36. The structural element according to claim 33, in which the surfaces of facing structural shells are connected with each other by bolts extending transversely through the cavity and arranged on at least one of the inner sides of the structural shells.

37. The structural element according to claim 20, in which the outer shells of the structural element are arranged in a vacuum housing and rest only loosely against the pressure plates in which the air flows out under its pressure into the vacuum housing, and in which evacuation pipes and valves leading from the cavity of the structural element to the vacuum space are provided for allowing the air to flow out into the vacuum housing.

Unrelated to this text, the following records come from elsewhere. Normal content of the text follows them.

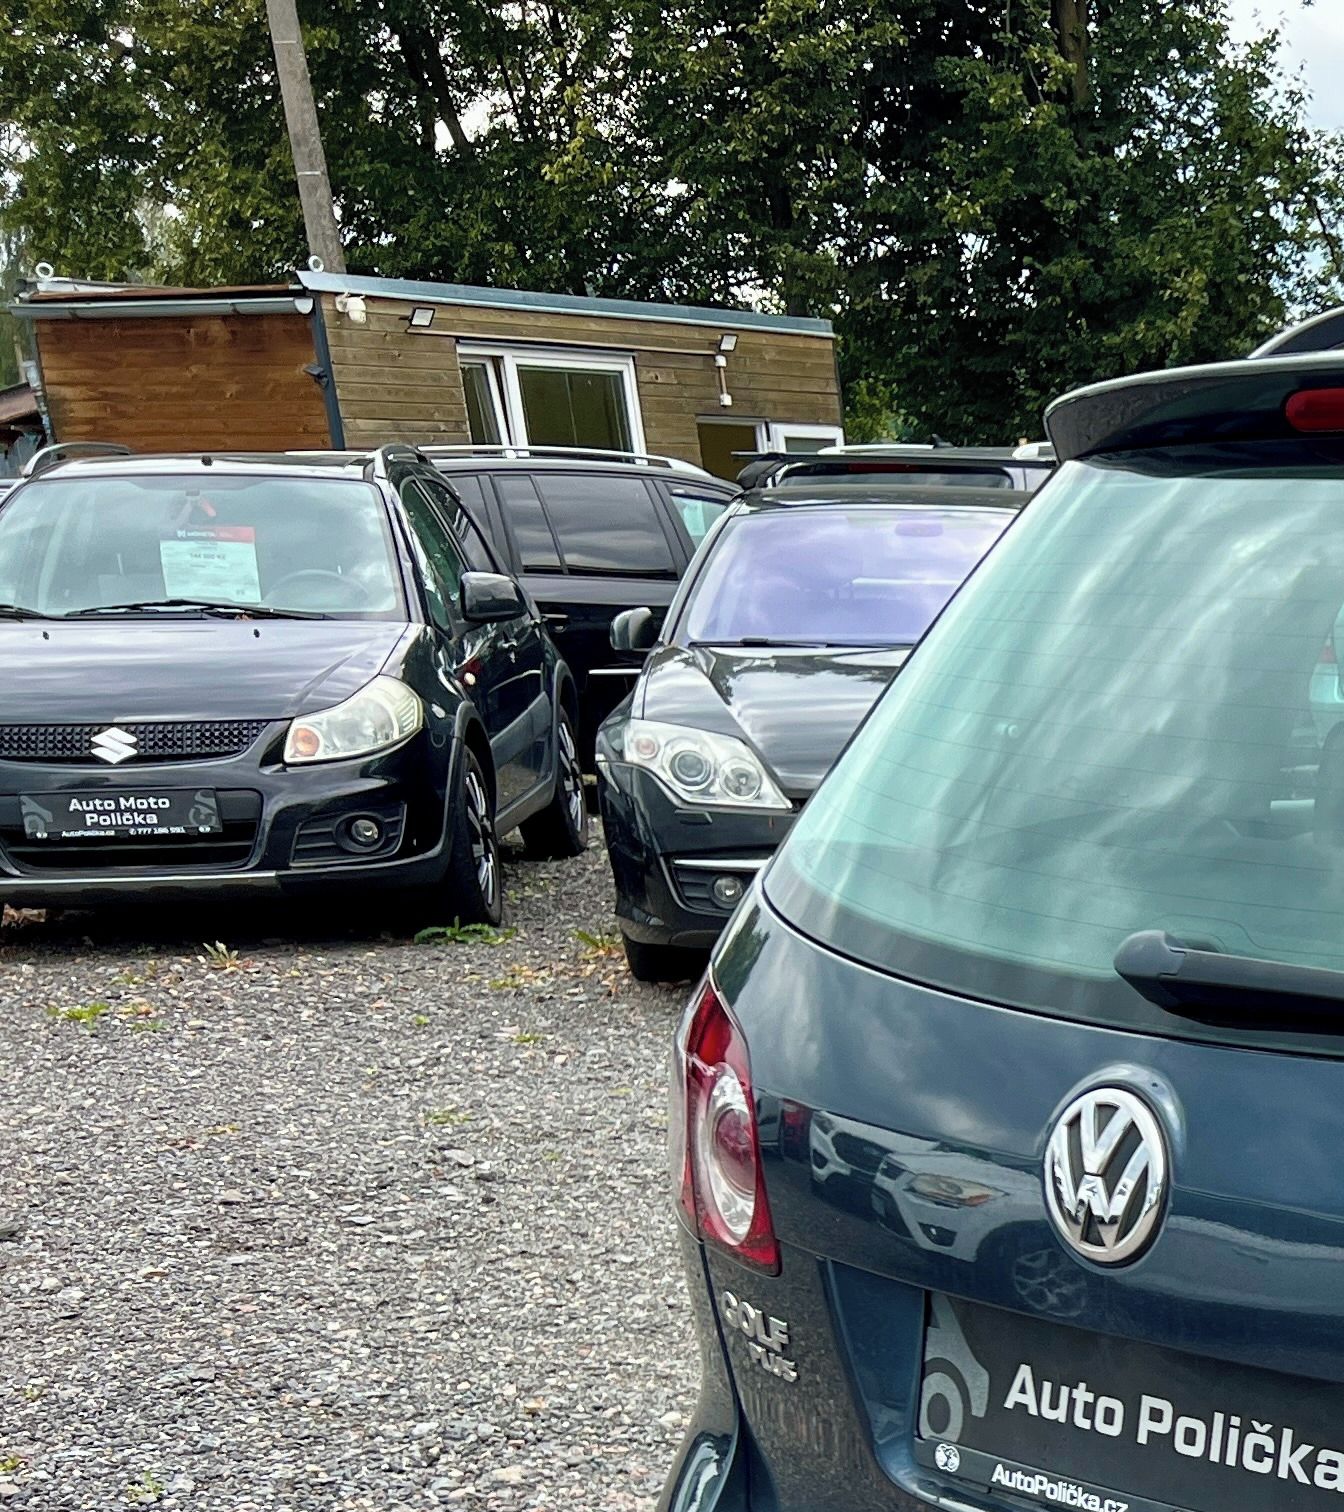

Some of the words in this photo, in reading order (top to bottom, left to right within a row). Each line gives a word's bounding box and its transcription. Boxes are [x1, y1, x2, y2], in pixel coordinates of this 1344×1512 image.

[69, 798, 116, 812] Auto
[119, 796, 171, 810] Moto
[85, 812, 158, 826] Polička
[721, 1291, 790, 1353] GOLF
[1003, 1363, 1125, 1438] Auto

38. The structural element according to claim 37, in which in the pressure housing, pipes are conducted into the cavities of the structural element, said cavities being under pressure, in which due to the corresponding pressure in the pressure housing, the structural element is provided with excess pressure, and in which by additional excess pressure imparted to the structural shells, the predetermined increased compressive stress in the cavity is produced.

39. The structural element according to claim 38, in which in the evacuation housing the individual elements and groups of elements are arranged with the formation of air gaps, and in order to secure the air gaps spacers are provided by which the air gaps are held open until complete evacuation of the cavity inserts is achieved, whereupon the structural elements are air-tightly connected with each other by applying pressure in the vacuum housing by means of associated outer pressing plates and whereupon, by re-introduction of air into the vacuum housing, a firm connection of all parts of the structural element is achieved due to the air pressure so as to form a single compound unit.

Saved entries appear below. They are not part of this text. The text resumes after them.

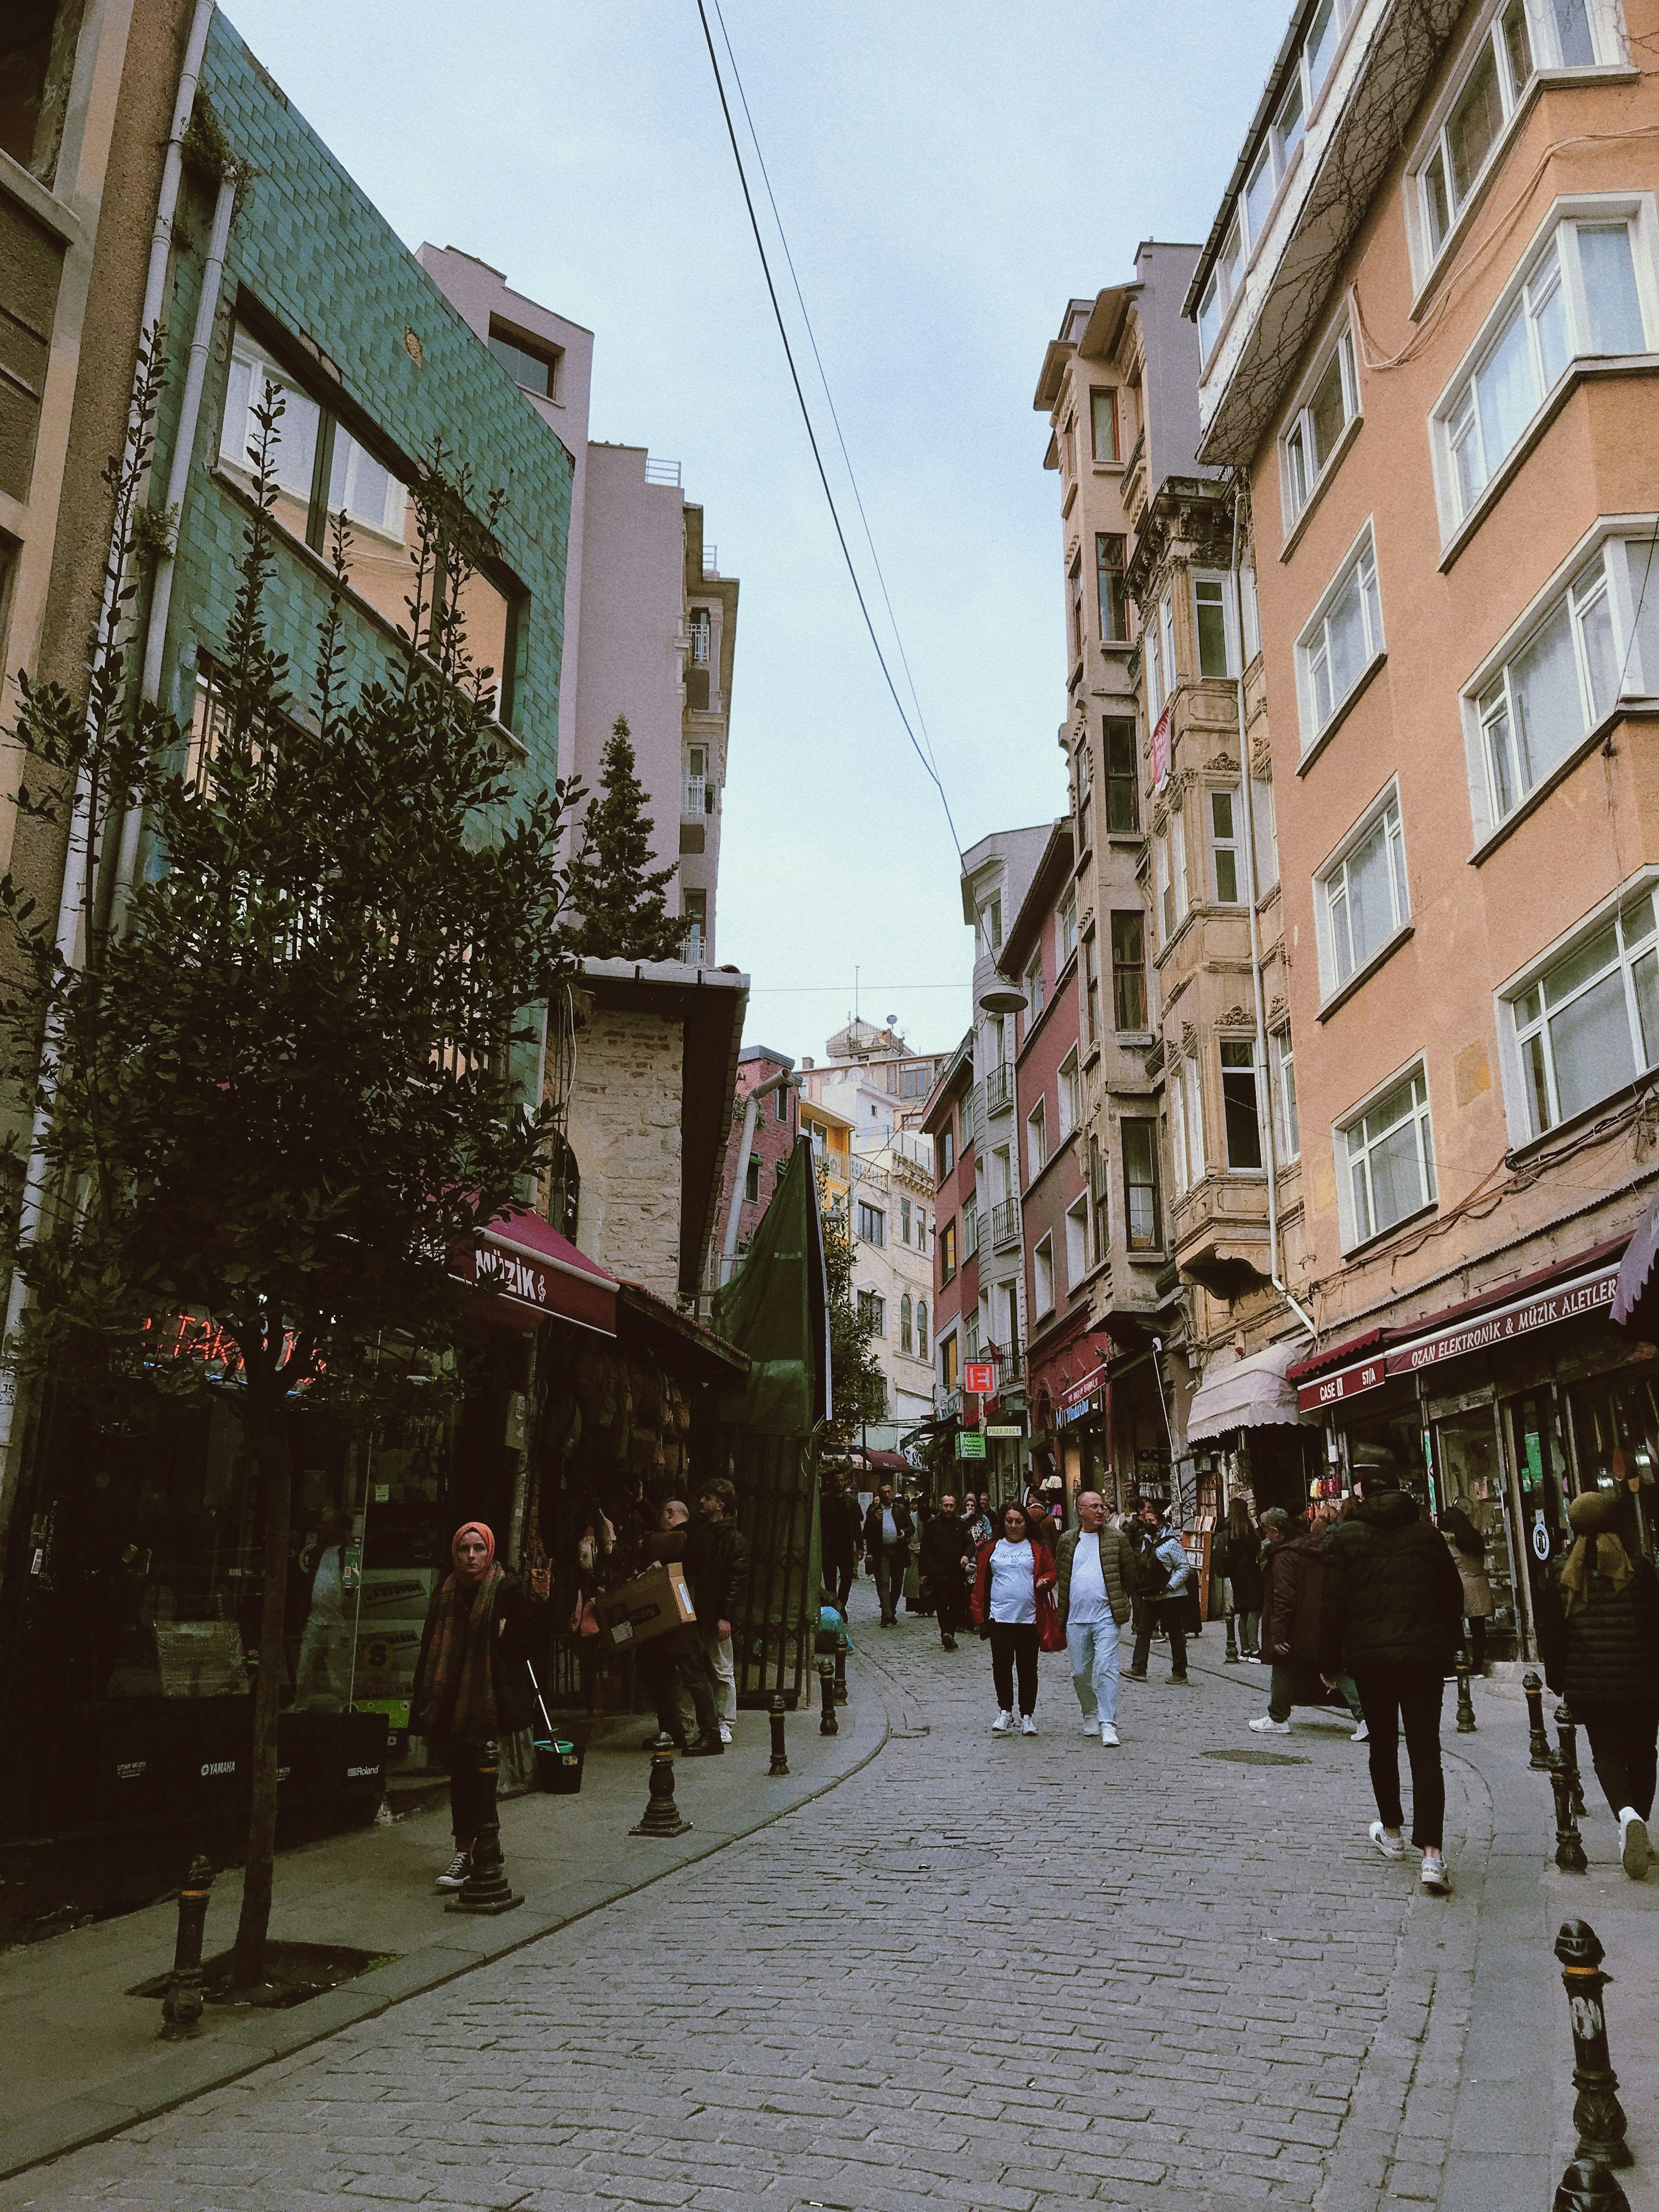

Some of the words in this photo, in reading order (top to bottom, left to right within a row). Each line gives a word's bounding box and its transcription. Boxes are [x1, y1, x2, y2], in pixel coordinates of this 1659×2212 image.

[1411, 1347, 1436, 1367] OZAN
[1438, 1321, 1501, 1358] ELEKTRONİK
[1505, 1317, 1514, 1334] &
[1518, 1301, 1558, 1330] MÜZİK
[1562, 1273, 1621, 1315] ALETLER
[1319, 1382, 1336, 1401] CASE
[210, 1761, 235, 1774] YAMAHA
[357, 1765, 379, 1775] Roland

40. The structural element according to claim 39, in which in the evacuation housing the individual structural element parts and groups are arranged horizontally over each other on load-bearing means.

41. The structural element of claim 40 further including electromagnets for removing the load-bearing parts, and in which external pressure plates are provided to effect combining of the structural element parts and groups.

42. The structural element according to claim 1. in which the structural element is arranged in assembled condition in an evacuatable, hermetically closable. pressure-resistant housing from which the air is evacuated via evacuation means, and in which the cavity of the structural element is provided with at least one outlet means, for evacuation of the air from the structural element, and means for again introducing atmospheric air into the housing, thus causing the structural shells to be pressed in the direction towards each other and propping each other and also load-bearing supporting inserts arranged on the inside.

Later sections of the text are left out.